Query Language - ngrams-dev/general GitHub Wiki

NGRAMS' query language is similar to a very simple form of regular expression. A query, formed as a sequence of terms and query operators, is matched against all indexed ngrams in the selected corpus.

The query

how * you *

returns

2468812   How do you know
 845786   How do you feel
 830062   How did you know
 755042   How are you ?
 739312   How do you do
...

Results are sorted by the ngram's total match count in descending order. See Data Model for details.

Because the underlying ngrams are between 1 and 5 terms long, a query must be matchable within this range. For example, a query such as one two three four five six with 6 terms will never match. Sometimes a term will be split further by NGRAMS in order to match how the underlying ngrams were tokenized by Google. In this case a query can exceed the limit of 5 terms. More about that in Tokenization.

Query Operators

Here is the complete list of query operators.

Operator	Name	Description	Example
`*`	Star	Matches one term.	what * day
`**`	StarStar	Matches zero or more terms.	what ** day
`a / b`	Alternation	Matches either a or b — see Alternation.	what a sunny / rainy day
`"a b"`	TermGroup	Treats multiple terms as one entity — see TermGroup.	you are / "will be" doing
`prefix~`	Completion	Matches terms starting with prefix.	what an aw~ day
`*_ADJ`	Star_ADJ	Matches one adjective.	I feel *_ADJ
`*_ADP`	Star_ADP	Matches one adposition (preposition or postposition).	working *_ADP home
`*_ADV`	Star_ADV	Matches one adverb.	she sings *_ADV
`*_CONJ`	Star_CONJ	Matches one conjunction.	tea *_CONJ coffee
`*_DET`	Star_DET	Matches one determiner or article.	go *_DET way
`*_NOUN`	Star_NOUN	Matches one single noun.	buy some *_NOUN
`*_NUM`	Star_NUM	Matches one numeral.	buy *_NUM bottles
`*_PRON`	Star_PRON	Matches one pronoun.	bring *_PRON flowers
`*_PRT`	Star_PRT	Matches one particle.	to step *_PRT
`*_VERB`	Star_VERB	Matches one verb.	I *_VERB you
`_START_`	SentenceStart	Matches the start of a sentence.See Sentence Boundary Tags.	_START_ as expected *
`_END_`	SentenceEnd	Matches the end of a sentence.See Sentence Boundary Tags.	as expected * _END_

Part-of-speech wildcards like *_ADJ will only match 2-grams and 3-grams. Longer ngrams have not been tagged by Google. See Ngram Types for details.

Alternation

An alternation checks multiple terms at once. The / can be read like a logical OR operator.
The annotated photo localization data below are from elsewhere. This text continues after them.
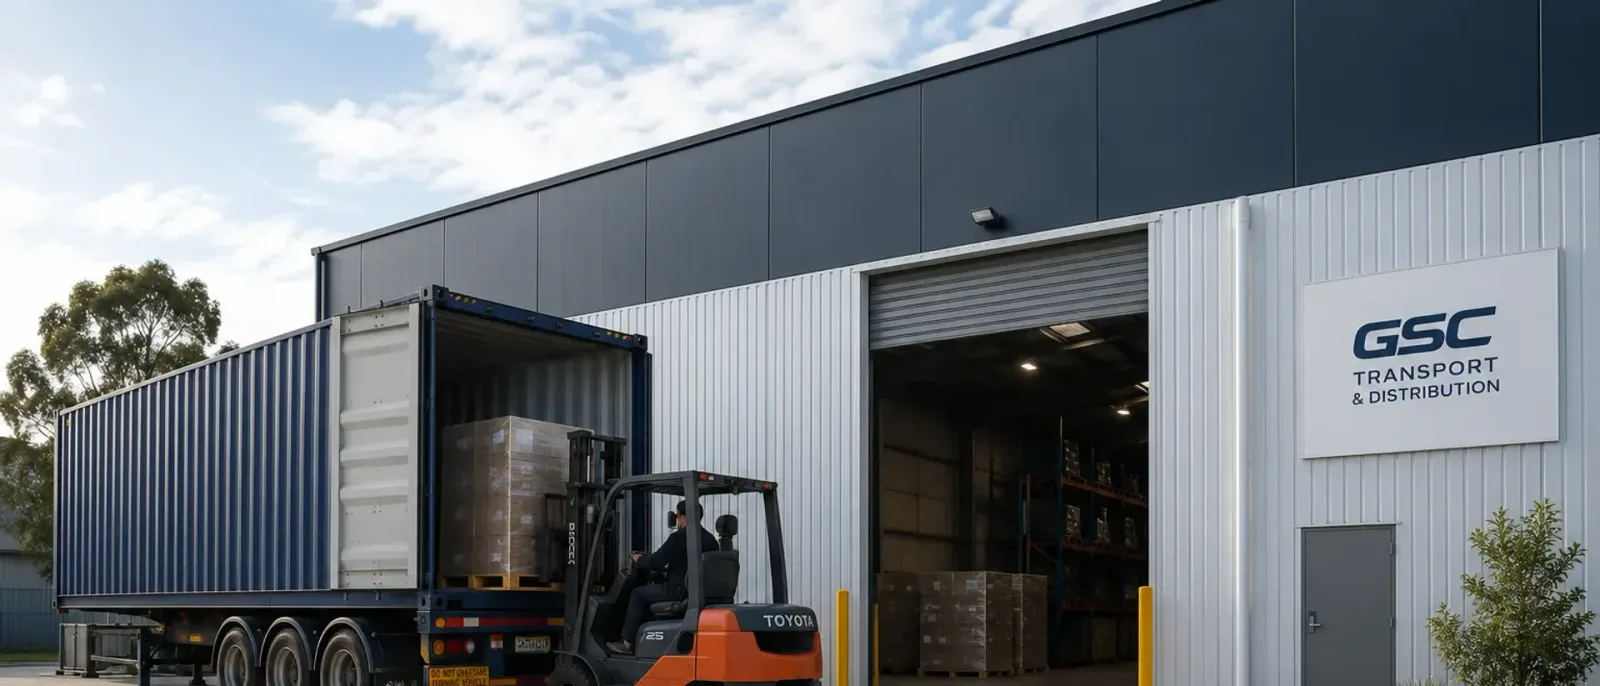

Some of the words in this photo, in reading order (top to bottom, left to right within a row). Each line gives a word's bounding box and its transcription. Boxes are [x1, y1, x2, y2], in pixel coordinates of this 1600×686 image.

[1353, 306, 1496, 359] GSC
[1353, 357, 1498, 385] TRANSPORT
[1352, 392, 1363, 405] &
[1369, 379, 1500, 404] DISTRIBUTION
[763, 615, 815, 627] TOYOTA
[645, 632, 664, 640] 25
[431, 669, 441, 678] DO
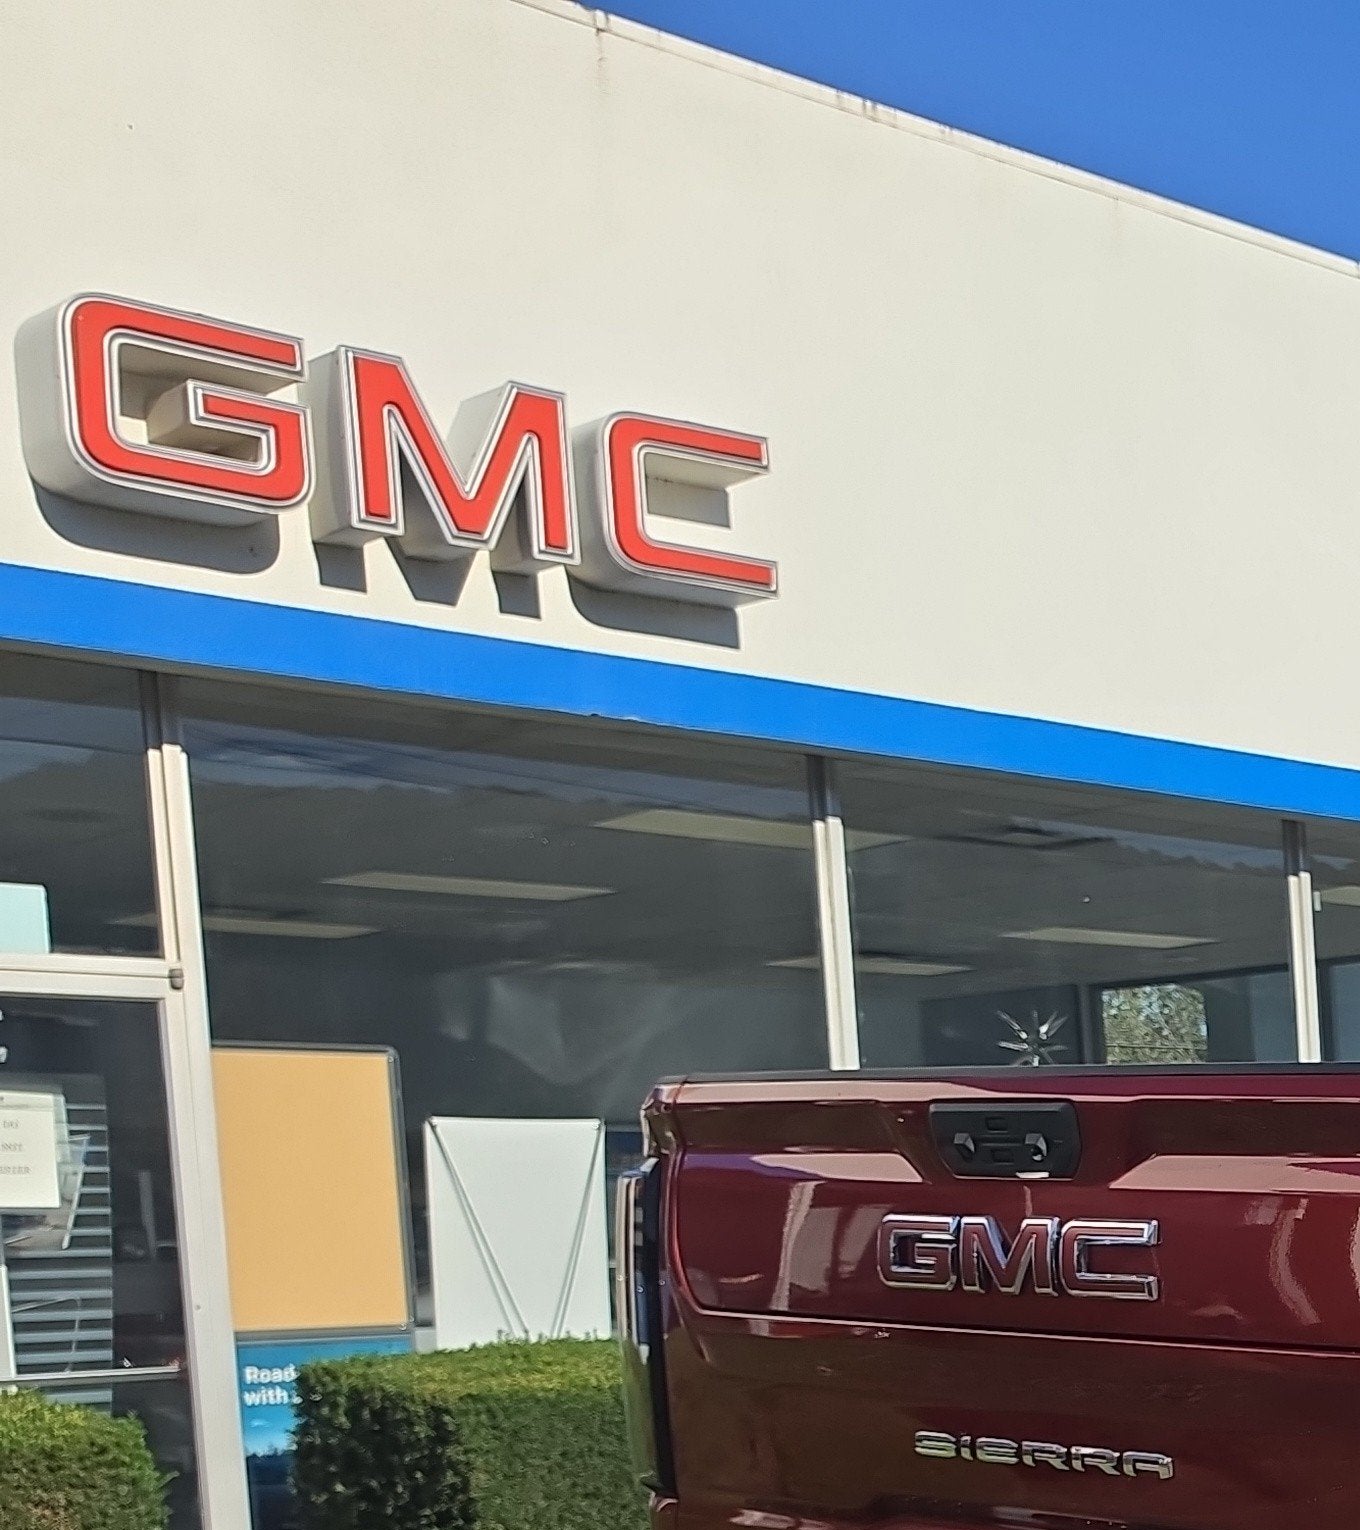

what a sunny / rainy / windy * checks

what a sunny *
what a rainy *
what a windy *

TermGroup

A term group treats zero or more terms as one entity. It is only useful within an alternation, i.e. as the left or right side of the / operator. A term group can also be empty to let an alternation check for the empty string.

you are / "will be" / "" doing checks

you are doing
you will be doing
you doing

When a query is parsed from left to right, a term like " or "foo (opening term) is interpreted as the start of a term group. The next " or bar" (closing term) is interpreted as the end of this term group. It is an error if a closing term comes before an opening term. Unintended opening and closing terms can be avoided using an escape sequence.

Sentence Boundary Tags

_START_ and _END_ are artificial terms that were inserted by Google after sentence detection. _START_ is placed before the first word of a sentence. _END_ is placed after the punctuation mark that finishes a sentence. As the ngrams in the dataset do not span across sentence boundaries, you will not find these terms in the middle of an ngram.

Escape Sequences

To disable the semantics of characters used as operators, you have to backslash-escape them. For example, to search for a literal * you have to enter \*. Here is the complete list of escape sequences:

Operator	Escape Sequence	Note
`*`	`\*`
`**`	`\**`
`/`	`\/`
`"a`	`\"a`	`a` can be any term or empty.
`b"`	`b\"`	`b` can be any term or empty.
`prefix~`	`prefix\~`	`prefix` can be any term or empty.
`*_ADJ`	`\*_ADJ`	Same for other part-of-speech wildcards.
`_START_`	`\_START_`
`_END_`	`\_END_`

Tokenization

When Google compiled the dataset, they applied some tokenization (and normalization) to the raw material. For example, punctuation marks that usually follow directly after a term are split off to form a separate term, e.g. hello! became hello !. Another example is the splitting of contractions like they're into they 're for linguistic reasons.

In order to match a query against these kind of ngrams, the query has to be tokenized the same way. NGRAMS does this by default. However, this has the effect that a query can exceed the number of terms, which is 5, and is not matchable anymore. In this case NGRAMS responds with an error. You then have to make your query shorter.

You can turn auto-tokenization off in search settings.